Ignoring the images, restate the records below word for word.

SOURCE MATERIAL:

- - -

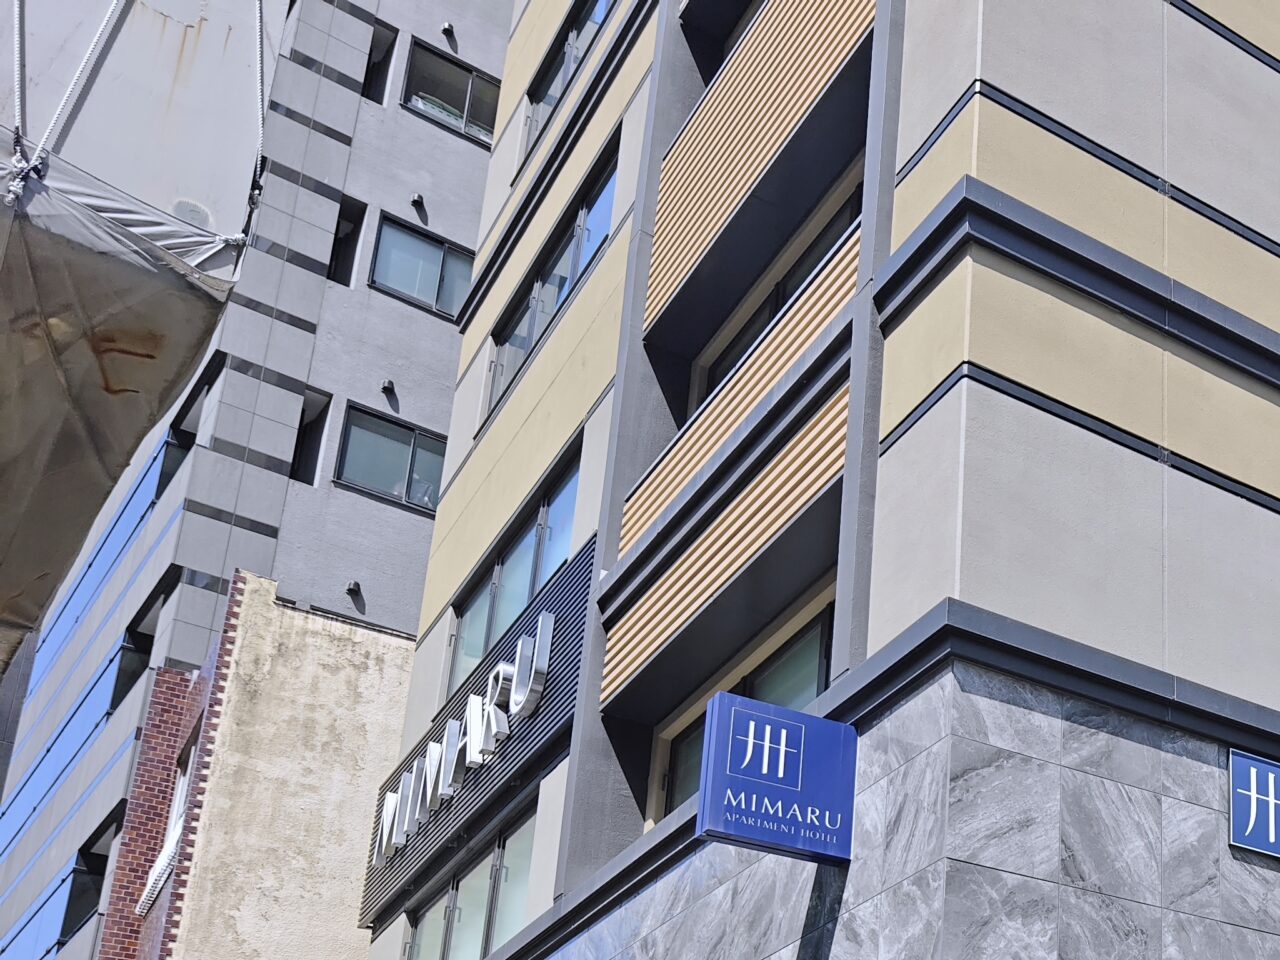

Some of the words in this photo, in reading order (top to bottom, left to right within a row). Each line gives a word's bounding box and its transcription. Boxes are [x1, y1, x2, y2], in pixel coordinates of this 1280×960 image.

[373, 610, 555, 868] MIMARU
[723, 811, 795, 835] APARTMENT
[801, 828, 837, 844] HOTEL
[724, 787, 842, 830] MIMARU

- - -

OUTPUT BELOW:
Some of the words in this photo, in reading order (top to bottom, left to right within a row). Each line gives a word's bounding box and its transcription. Boxes are [x1, y1, x2, y2], in pixel coordinates of this 1280×960 image.

[373, 610, 555, 868] MIMARU
[723, 811, 795, 835] APARTMENT
[801, 828, 837, 844] HOTEL
[724, 787, 842, 830] MIMARU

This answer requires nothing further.